Research on the Population Flow and Mixing Characteristics of Pelleted Vegetable Seeds Based on the Bonded-Particle Model

In order to precisely reproduce the precise seeding process of the population in the air-suction seed-metering device, it is necessary to execute accurate modeling of seed particles using the bonded-particle model, in combination with the discrete element method (DEM) and computational fluid dynamics (CFD). Through the repose angle, slope screening, rotating container, and particle sedimentation experiments, in this paper, the influence of the filling accuracy of the bonded-particle model on the flow behavior and mixing characteristics of the seed population was first explored based on EDEM software. The viability of the suggested modeling approach for pelleted vegetable seeds, as described in this study, was confirmed by comparing experimental and simulation outcomes.
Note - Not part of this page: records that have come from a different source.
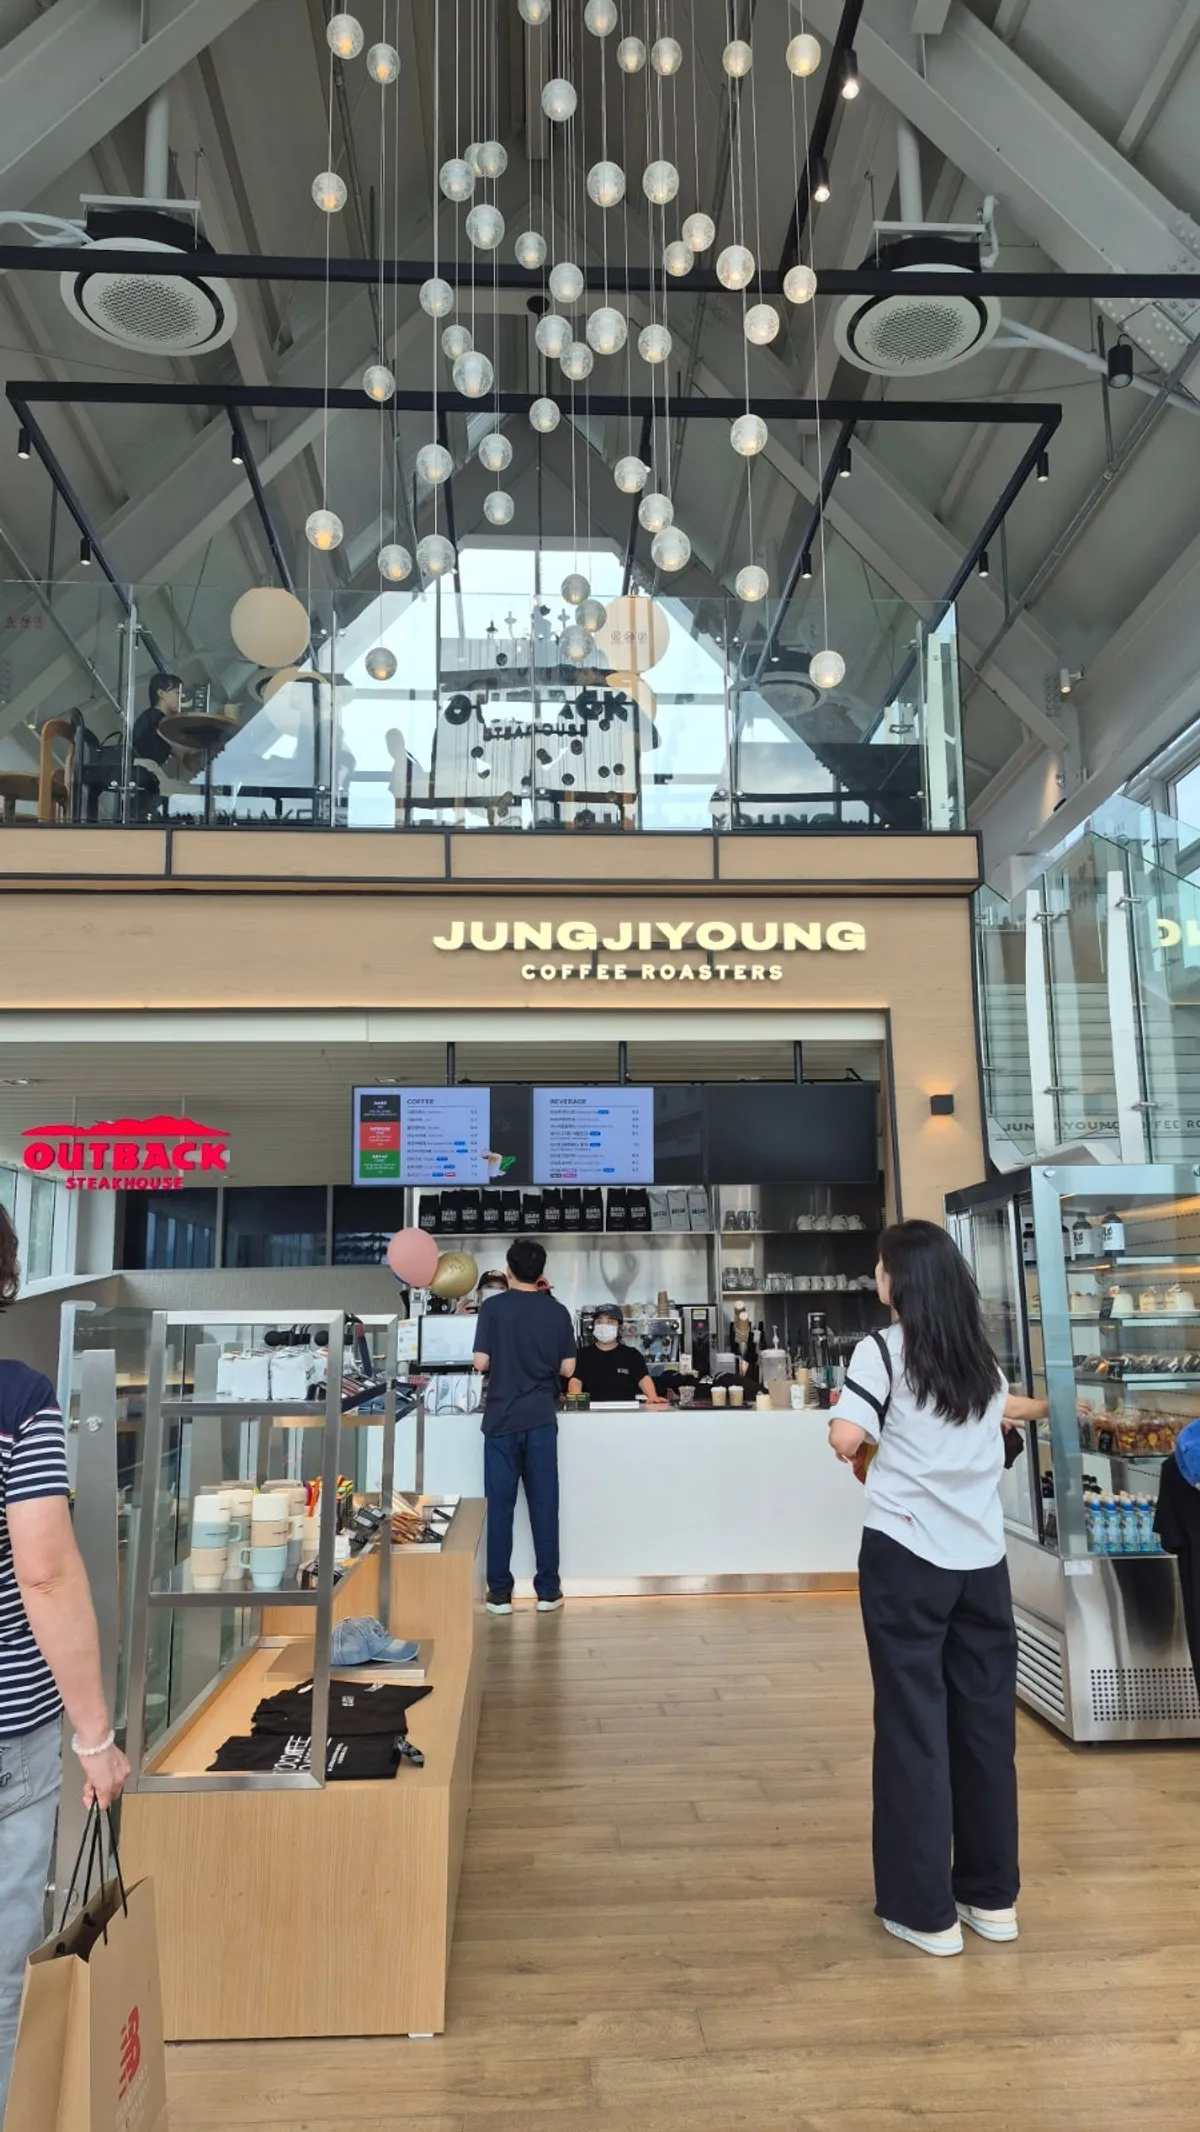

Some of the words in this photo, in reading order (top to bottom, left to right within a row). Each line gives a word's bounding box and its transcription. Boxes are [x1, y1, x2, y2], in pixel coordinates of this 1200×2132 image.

[433, 921, 866, 950] JUNGJIYOUNG
[521, 964, 627, 981] COFFEE
[641, 964, 784, 981] ROASTERS
[23, 1141, 227, 1171] OUTBACK
[65, 1176, 185, 1191] STEAKHOUSE
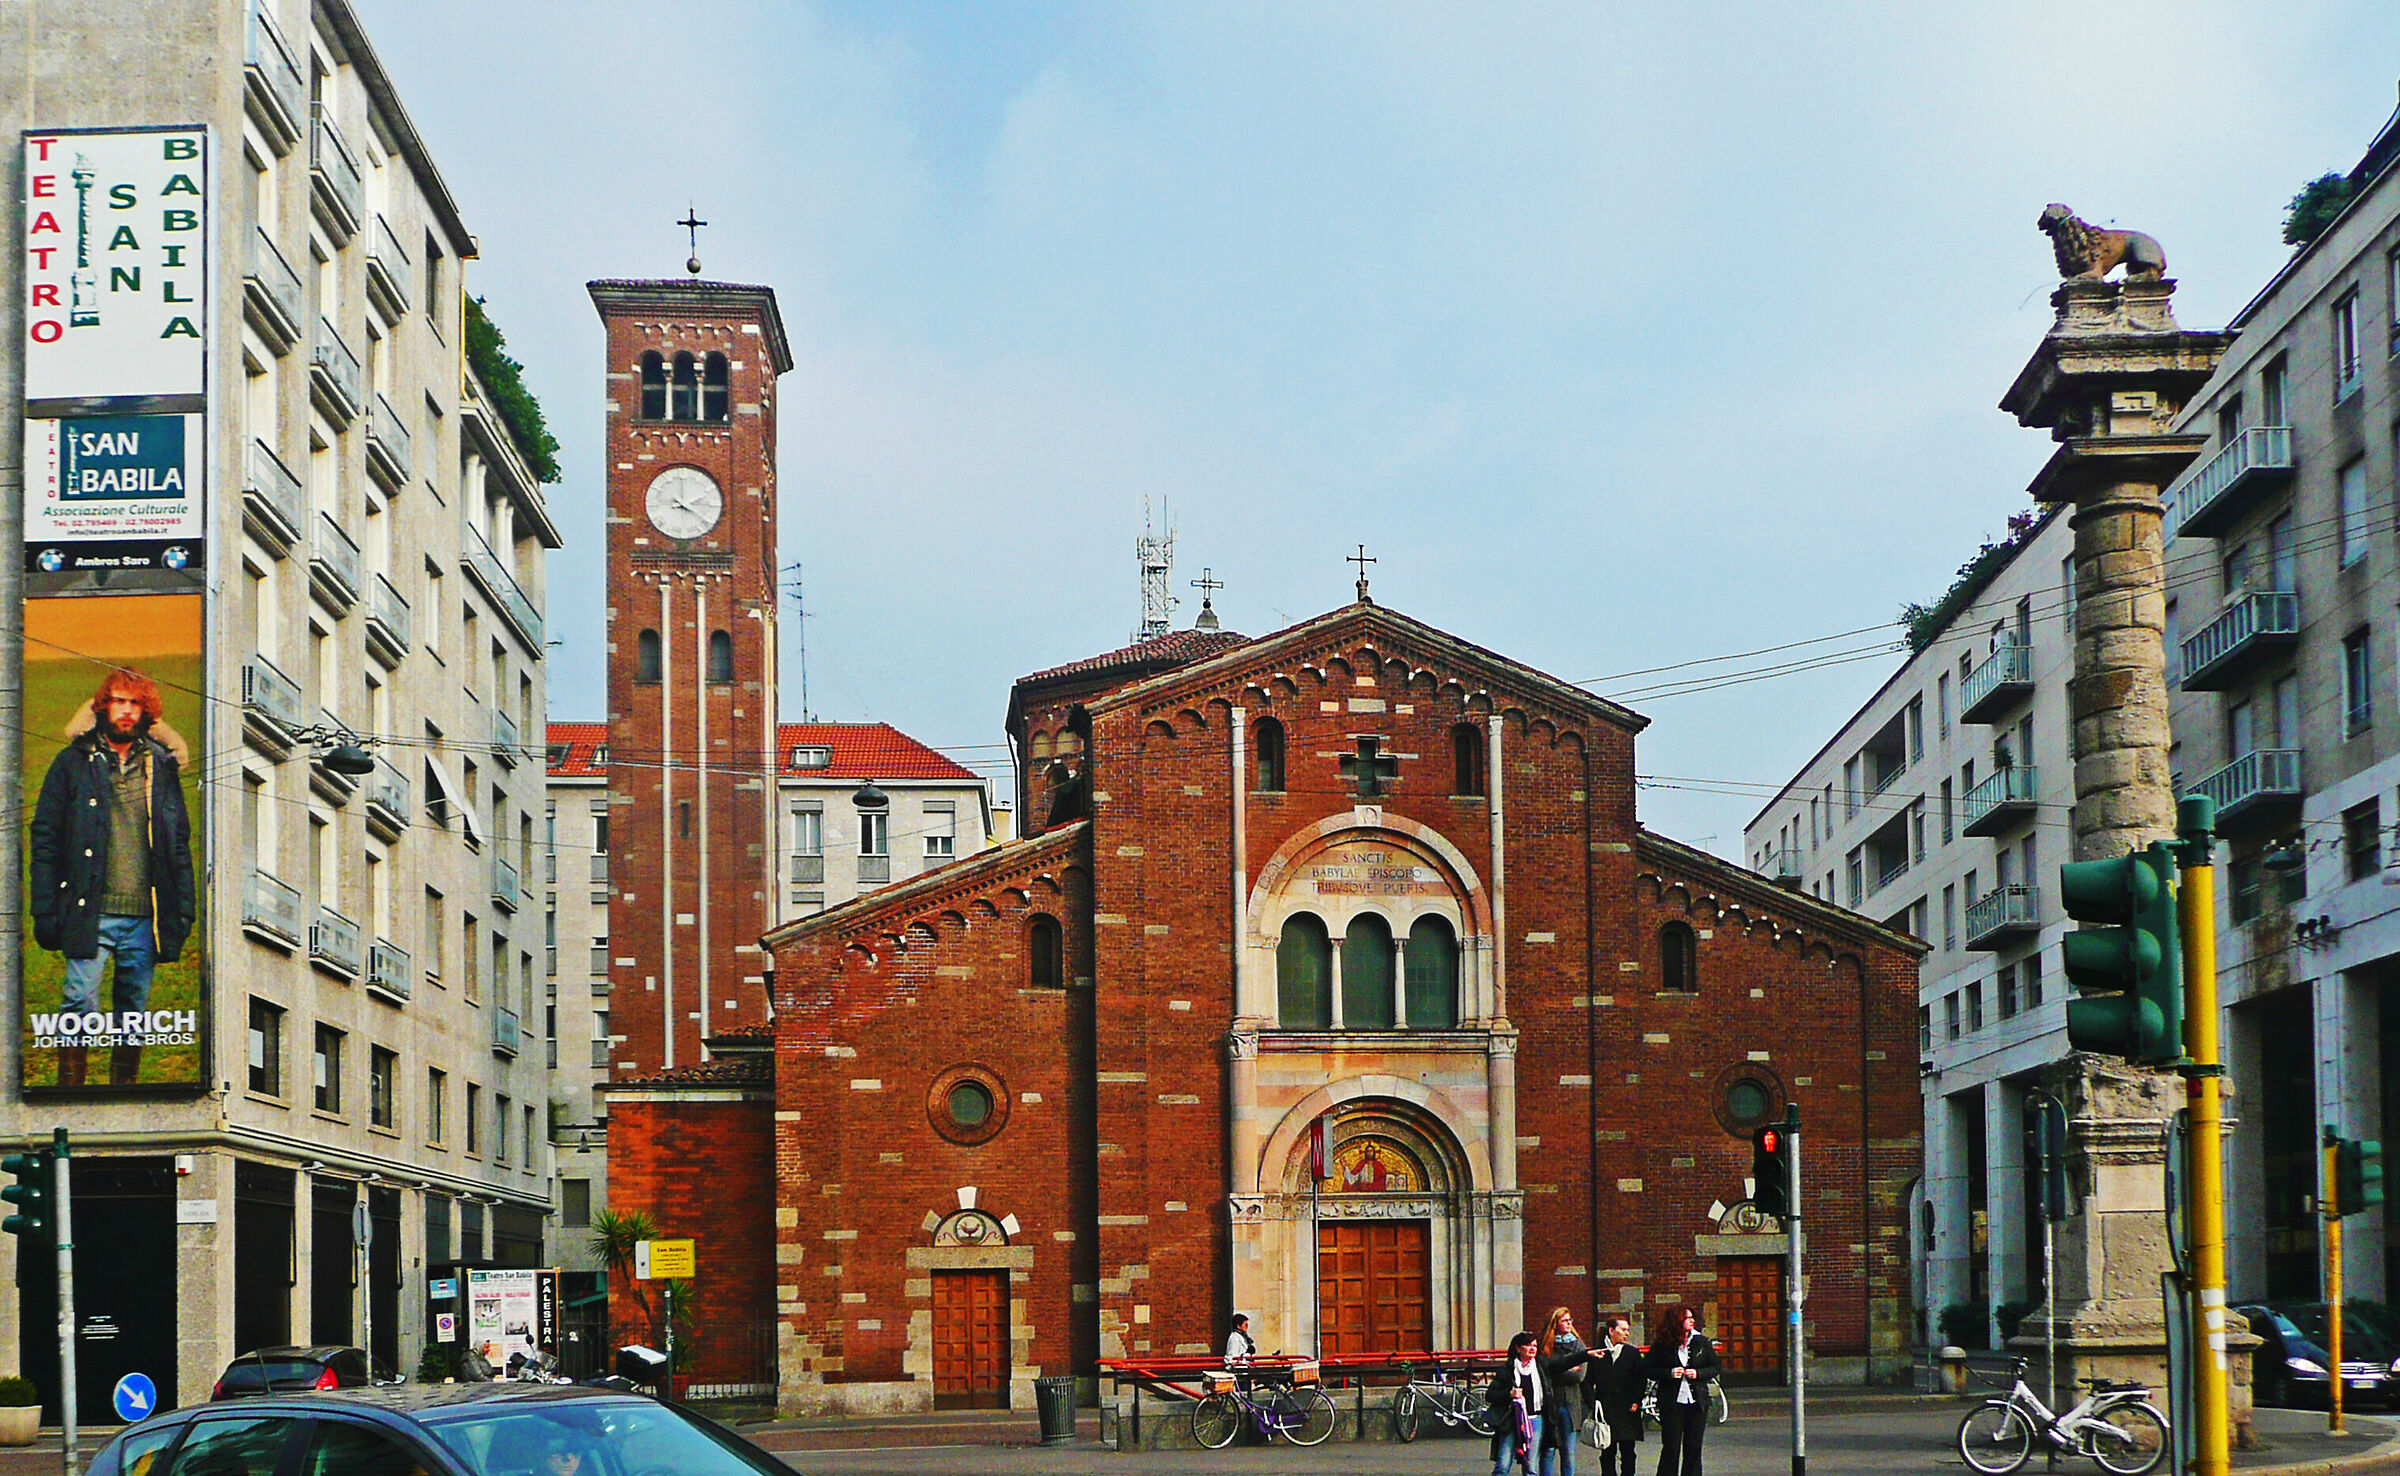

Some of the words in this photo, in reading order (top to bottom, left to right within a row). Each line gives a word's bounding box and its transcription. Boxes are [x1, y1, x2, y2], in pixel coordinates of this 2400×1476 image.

[30, 139, 63, 343] TEATRO
[108, 184, 141, 292] SAN
[160, 139, 200, 338] BABILA
[80, 432, 139, 456] SAN
[47, 419, 56, 498] TEATRO
[81, 467, 183, 492] BABILA
[42, 505, 125, 517] Associazione
[129, 503, 188, 515] Culturale
[1342, 853, 1393, 864] SANCTIS
[1367, 867, 1422, 879] EPISCOPO
[30, 1010, 196, 1036] WOOLRICH
[32, 1036, 78, 1048] JOHN
[81, 1034, 122, 1047] RICH
[127, 1033, 140, 1046] &
[542, 1277, 552, 1344] PALESTRA
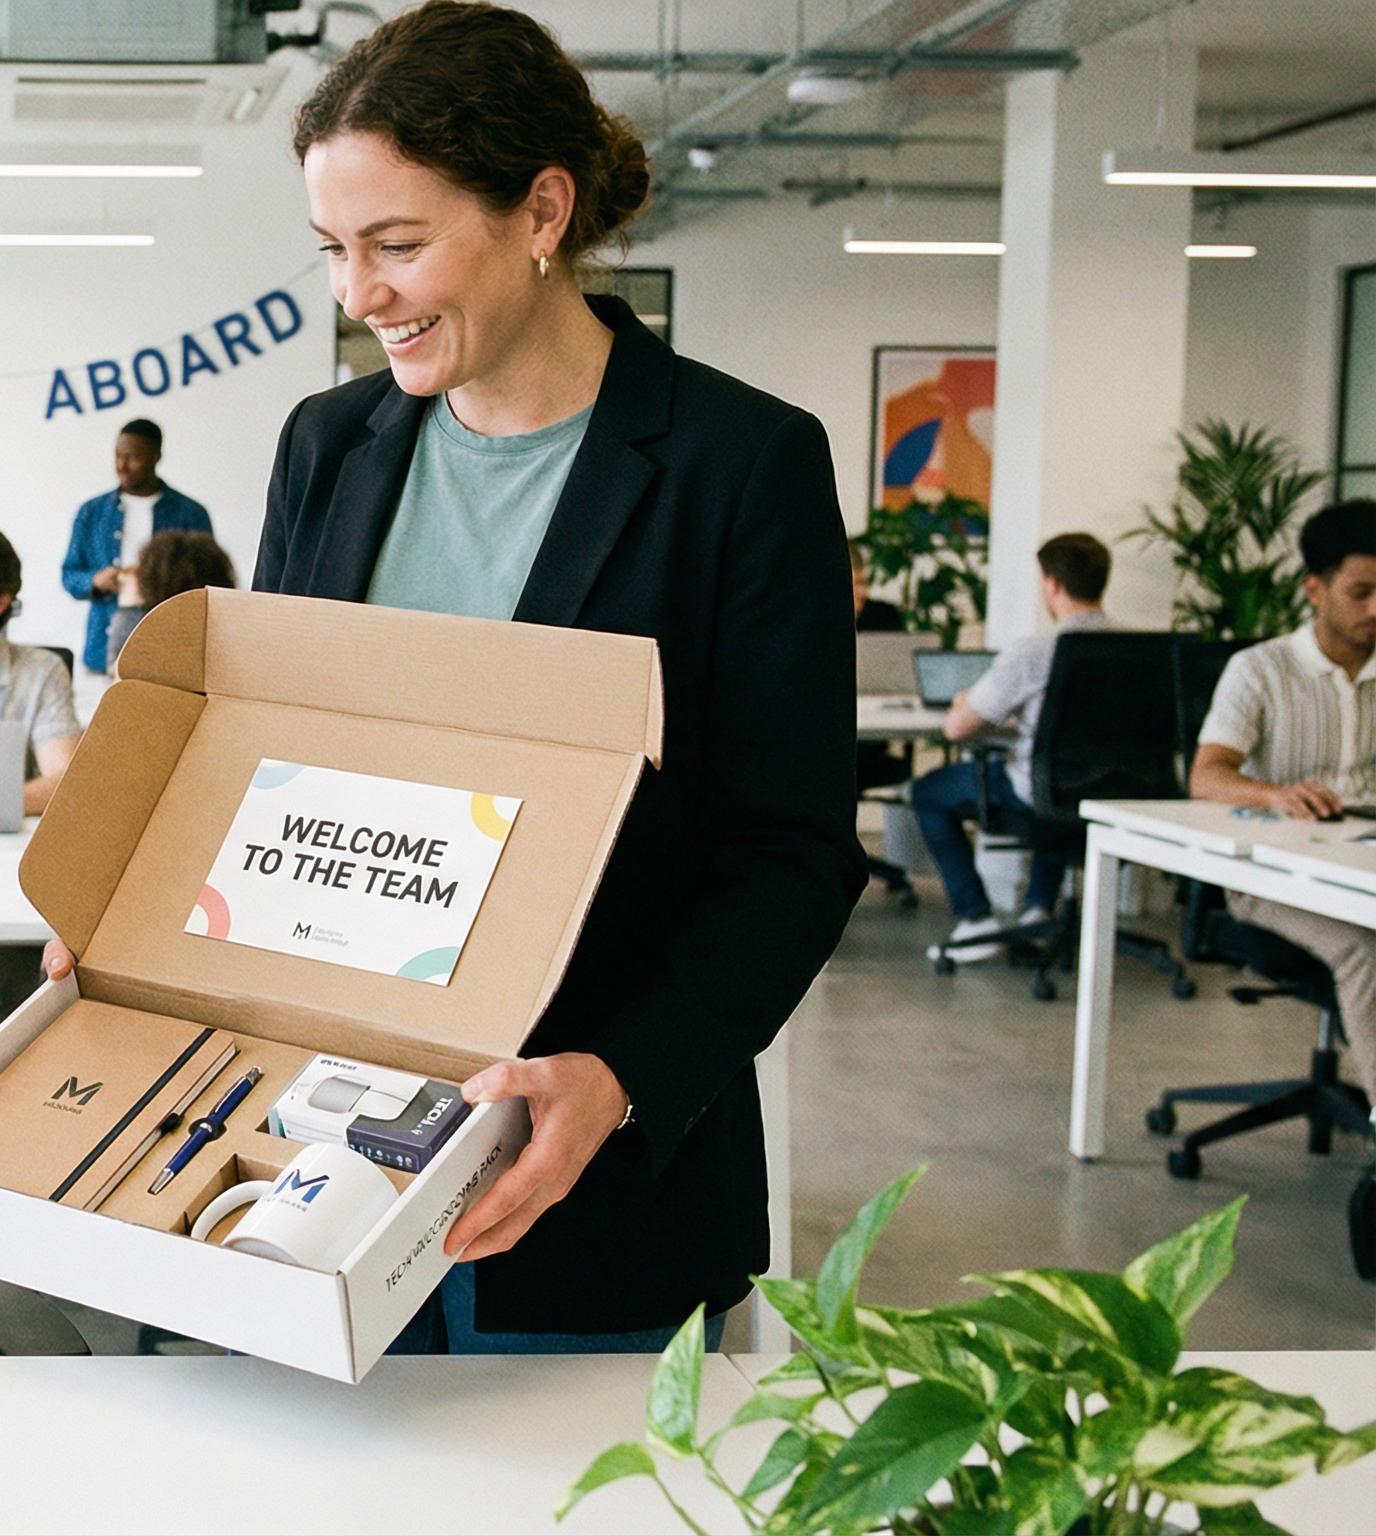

The surface roughness values obtained from the studies above were utilized to assess the accuracy of the bonded-particle model in filling. Additionally, a mathematical technique for determining the surface roughness was provided. Furthermore, an analysis of the multiple contacts in the bonded-particle model was also performed. The results indicated that the simulation results closely matched the experimental data when the number of sub-spheres in the bonded-particle model was equal to or more than 70, as measured by the standard deviation. In addition, the most optimal modeling scheme for the pelletized vegetable seed bonded-particles, based on the cost of coupling simulation, was found to be the bonded-particle surface roughness (BS) with a value of 0.1. Ultimately, a practical example was utilized to demonstrate the utilization of the pelleted vegetable seed bonded-particle model and the DEM-CFD coupling approach in analyzing the accuracy of the seeding process in the air-suction seed-metering device. This example will serve as a valuable reference point for future field studies.